Task prompt => Each line of the records is to be returned verbatim, with the images omitted.

Source material =>
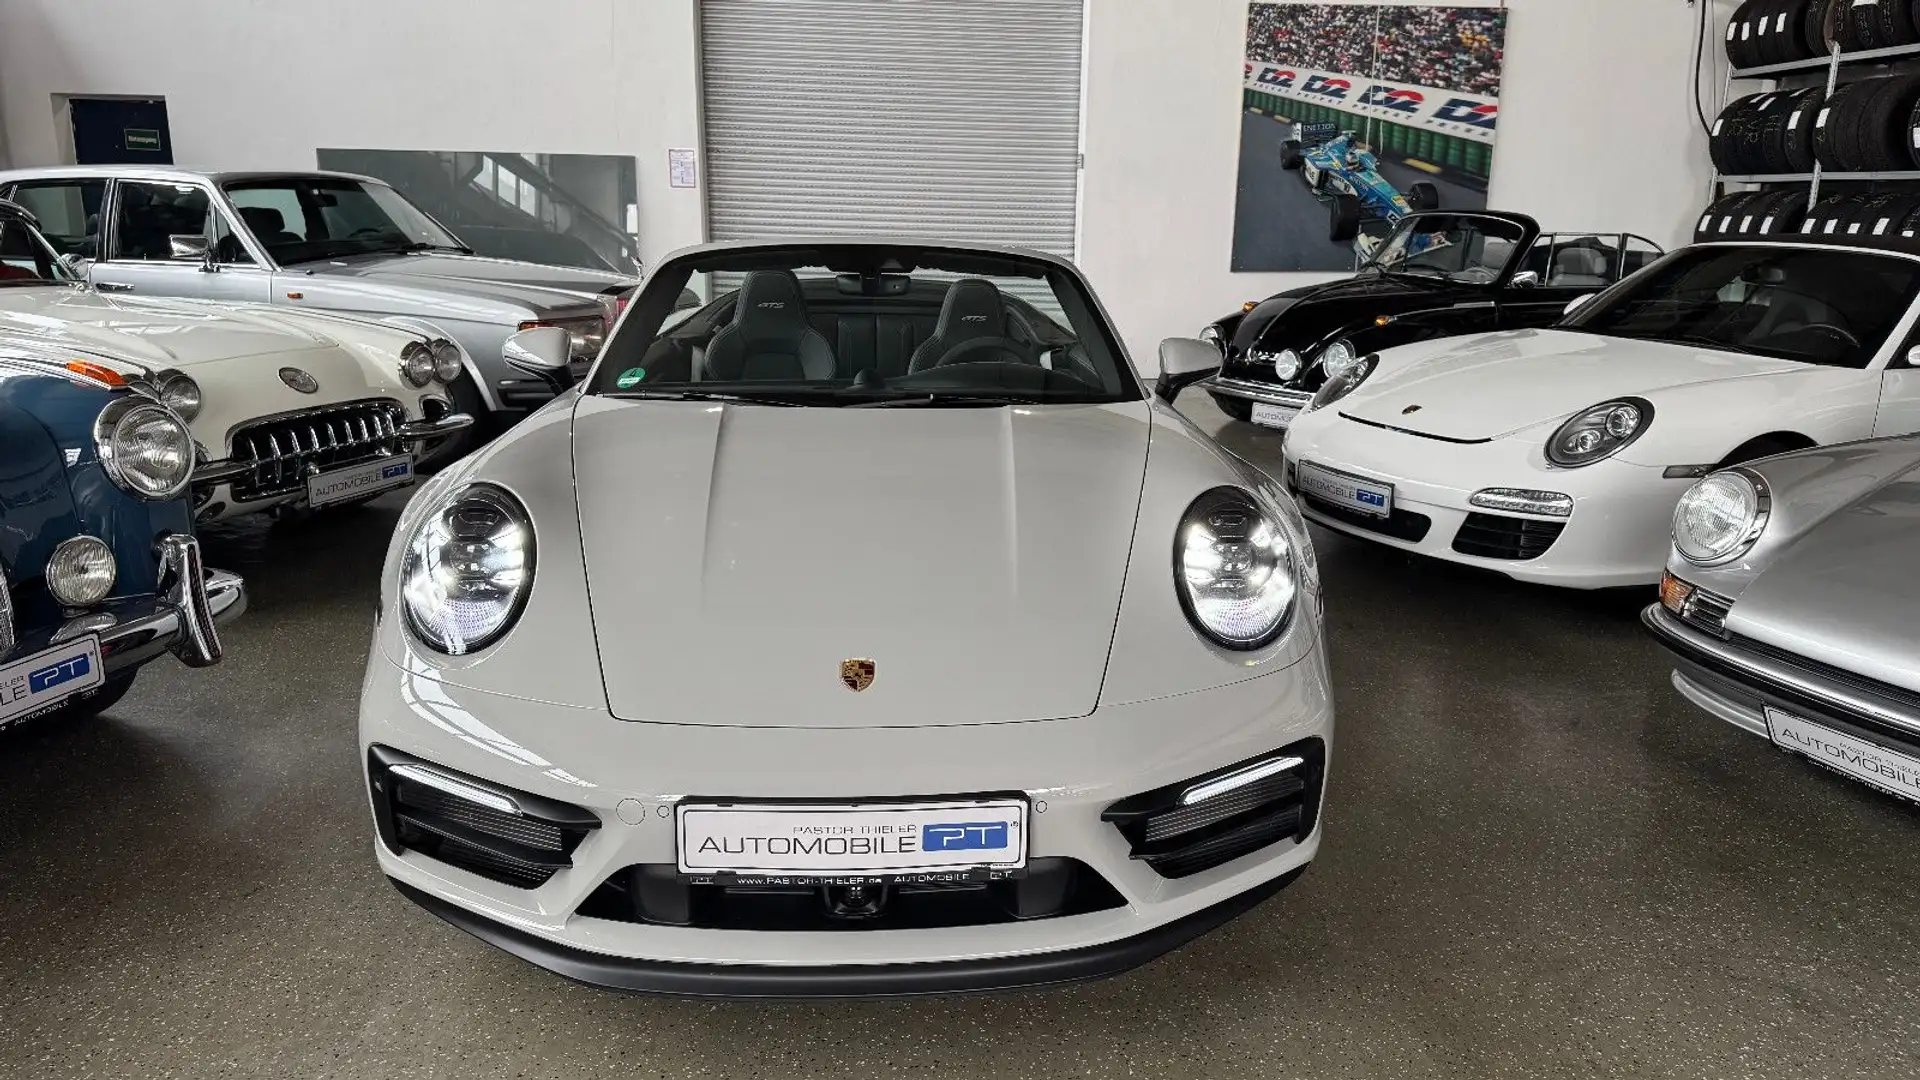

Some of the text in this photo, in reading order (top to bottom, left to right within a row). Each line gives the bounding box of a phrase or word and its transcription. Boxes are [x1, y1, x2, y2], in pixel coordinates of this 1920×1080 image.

[1300, 75, 1351, 98] D2
[1357, 86, 1424, 112] D2
[315, 472, 380, 497] AUTOMOBILE
[33, 657, 84, 687] PT
[698, 825, 1002, 855] AUTOMOBILE PT
[793, 824, 917, 835] PASTOR THIELER
[894, 873, 970, 883] AUTOMOBILE
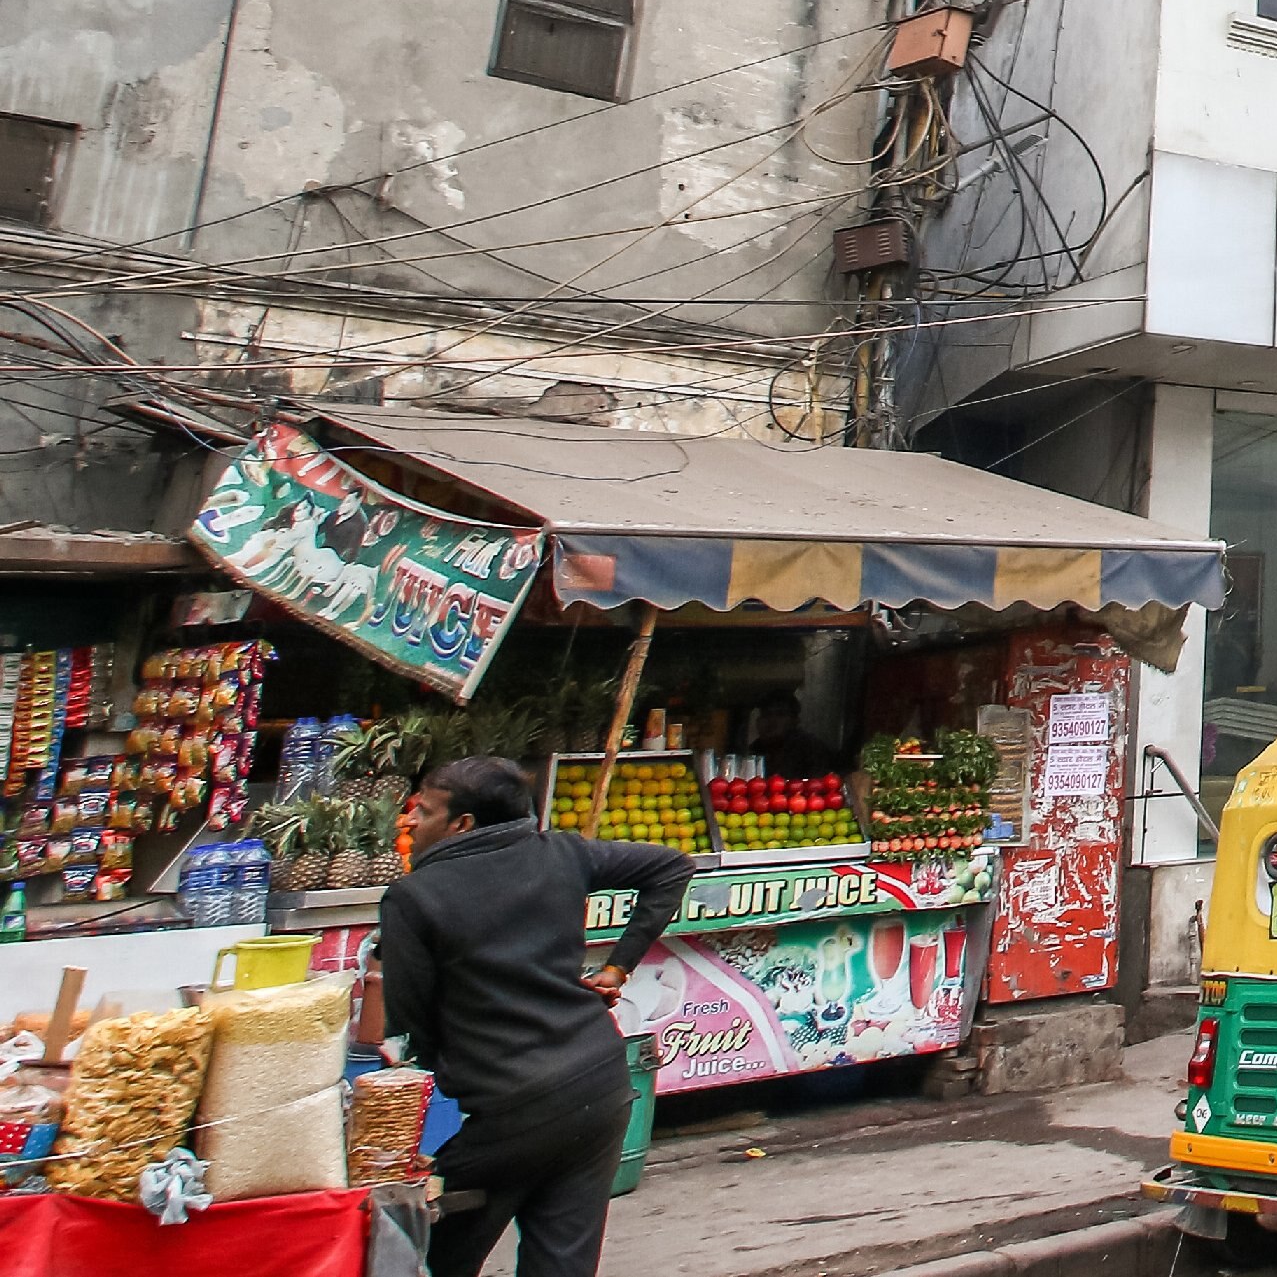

Answer for the task =>
Some of the text in this photo, in reading order (top to bottom, left to right within a row). Each line gives the bounding box of a phrase or word and its transcription. Boxes are [x1, y1, x2, y2], in pixel coordinates of this 1920×1080 image.

[1300, 75, 1351, 98] D2
[1357, 86, 1424, 112] D2
[315, 472, 380, 497] AUTOMOBILE
[33, 657, 84, 687] PT
[698, 825, 1002, 855] AUTOMOBILE PT
[793, 824, 917, 835] PASTOR THIELER
[894, 873, 970, 883] AUTOMOBILE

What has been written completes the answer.